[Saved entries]
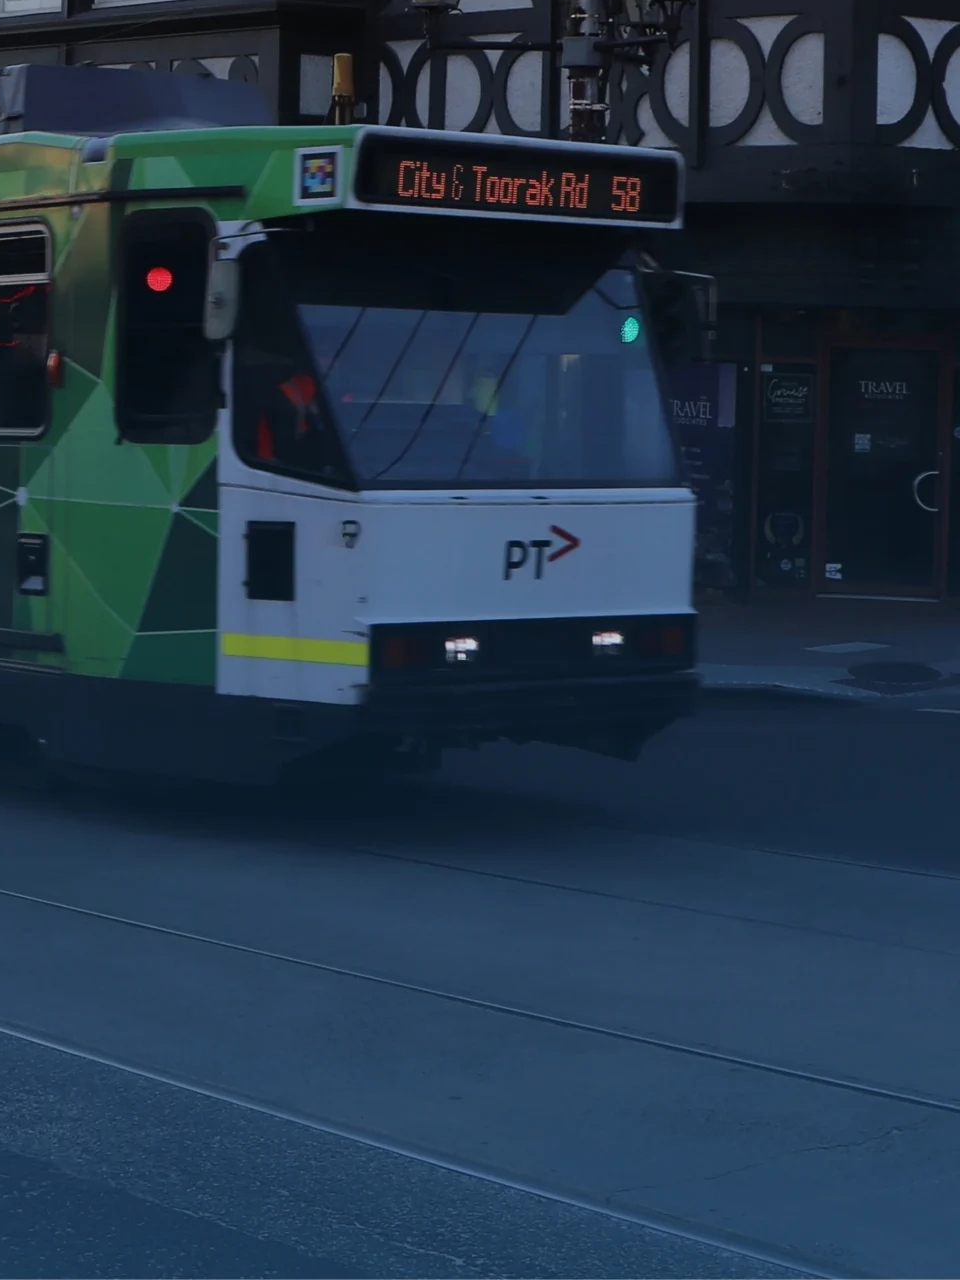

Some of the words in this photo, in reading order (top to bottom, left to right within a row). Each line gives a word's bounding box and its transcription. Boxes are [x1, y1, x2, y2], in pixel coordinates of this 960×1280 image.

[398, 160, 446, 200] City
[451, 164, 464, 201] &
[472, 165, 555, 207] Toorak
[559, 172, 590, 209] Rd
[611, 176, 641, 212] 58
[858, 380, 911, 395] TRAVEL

What you should do: Since the pictures don't belong in the copy, copy only the rest of the entries above exactly.

Your response:
Some of the words in this photo, in reading order (top to bottom, left to right within a row). Each line gives a word's bounding box and its transcription. Boxes are [x1, y1, x2, y2], in pixel coordinates of this 960×1280 image.

[398, 160, 446, 200] City
[451, 164, 464, 201] &
[472, 165, 555, 207] Toorak
[559, 172, 590, 209] Rd
[611, 176, 641, 212] 58
[858, 380, 911, 395] TRAVEL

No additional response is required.